BioShock creator Ken Levine spoke recently of how he's ready to move away from the linear narratives that he's curated for the past 19 years to embrace something new. Since the inception of the series in 2007, this tightly-scripted form of expression has been one of BioShock's great strengths and has facilitated some truly memorable narrative moments - but it has also been to the series' detriment.
This was most keenly felt in Burial at Sea: Episode One, which seemed more concerned with nailing the impact of its return to Rapture than with providing a fully-formed gameplay experience. Episode Two is free of the burden of this re-acquaintance and excels as a result. It not only concludes the DLC's story arc but ties together the events of both BioShock and BioShock Infinite, enhancing Irrational Games' overarching exploration of existentialism - while also remembering to offer players plenty to do.

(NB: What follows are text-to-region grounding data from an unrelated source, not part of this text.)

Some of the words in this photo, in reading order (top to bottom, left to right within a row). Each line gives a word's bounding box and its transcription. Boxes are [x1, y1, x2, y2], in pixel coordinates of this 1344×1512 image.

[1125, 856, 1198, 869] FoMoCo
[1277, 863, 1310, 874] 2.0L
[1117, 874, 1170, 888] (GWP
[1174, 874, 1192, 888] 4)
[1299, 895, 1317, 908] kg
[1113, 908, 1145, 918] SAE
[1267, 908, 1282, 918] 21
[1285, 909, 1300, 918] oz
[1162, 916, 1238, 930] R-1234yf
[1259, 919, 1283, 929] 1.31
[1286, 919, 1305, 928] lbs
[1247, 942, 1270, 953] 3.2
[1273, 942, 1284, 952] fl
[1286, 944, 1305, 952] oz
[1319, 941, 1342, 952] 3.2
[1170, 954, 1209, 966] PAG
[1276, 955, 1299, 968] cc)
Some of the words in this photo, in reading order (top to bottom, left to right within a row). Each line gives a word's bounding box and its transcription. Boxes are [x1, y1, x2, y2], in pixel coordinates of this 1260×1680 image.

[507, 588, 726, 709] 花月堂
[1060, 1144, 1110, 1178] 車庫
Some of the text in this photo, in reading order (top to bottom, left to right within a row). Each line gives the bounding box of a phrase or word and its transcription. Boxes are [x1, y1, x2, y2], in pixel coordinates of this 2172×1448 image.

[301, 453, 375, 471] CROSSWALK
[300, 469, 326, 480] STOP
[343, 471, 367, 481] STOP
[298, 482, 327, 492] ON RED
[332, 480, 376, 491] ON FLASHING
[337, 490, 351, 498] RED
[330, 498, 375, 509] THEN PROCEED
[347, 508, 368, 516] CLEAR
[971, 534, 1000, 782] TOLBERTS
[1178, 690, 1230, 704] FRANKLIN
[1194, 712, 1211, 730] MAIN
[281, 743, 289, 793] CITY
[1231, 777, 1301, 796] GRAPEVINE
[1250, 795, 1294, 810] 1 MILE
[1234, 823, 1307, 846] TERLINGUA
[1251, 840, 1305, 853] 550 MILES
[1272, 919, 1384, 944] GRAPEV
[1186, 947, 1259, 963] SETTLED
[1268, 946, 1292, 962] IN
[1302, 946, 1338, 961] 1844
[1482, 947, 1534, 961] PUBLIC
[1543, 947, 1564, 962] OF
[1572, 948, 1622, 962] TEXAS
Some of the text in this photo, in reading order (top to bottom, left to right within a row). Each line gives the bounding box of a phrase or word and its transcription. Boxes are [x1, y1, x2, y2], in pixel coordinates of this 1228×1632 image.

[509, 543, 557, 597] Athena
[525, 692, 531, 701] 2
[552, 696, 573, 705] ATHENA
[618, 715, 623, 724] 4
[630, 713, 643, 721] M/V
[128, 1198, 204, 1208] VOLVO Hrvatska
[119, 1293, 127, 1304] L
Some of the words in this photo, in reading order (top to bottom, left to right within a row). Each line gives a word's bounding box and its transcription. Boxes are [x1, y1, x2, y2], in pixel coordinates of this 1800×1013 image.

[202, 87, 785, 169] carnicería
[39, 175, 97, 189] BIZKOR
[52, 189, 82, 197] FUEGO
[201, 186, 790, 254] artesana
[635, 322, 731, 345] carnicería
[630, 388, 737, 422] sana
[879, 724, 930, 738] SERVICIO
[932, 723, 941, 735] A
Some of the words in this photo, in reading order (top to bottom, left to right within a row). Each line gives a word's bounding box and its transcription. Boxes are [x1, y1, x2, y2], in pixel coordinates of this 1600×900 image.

Following the dramatic conclusion of Episode One, we step into Elizabeth's high-heeled shoes to continue the story, which is more ambitious and significantly longer than its predecessor. Elizabeth has taken up Booker's mission to save a young girl named Sally, but for much of Episode Two's four-hour running time, this goal takes a back seat as the story examines a more vulnerable, less self-assured woman than the femme fatale of Episode One. Irrational also has a great deal of fun looping the narrative back on itself and weaving together strands from every major event of the BioShock timeline as some familiar names from the series' past crop up and the developer delves deeper still into the perplexing theories that it introduced at the end of BioShock Infinite.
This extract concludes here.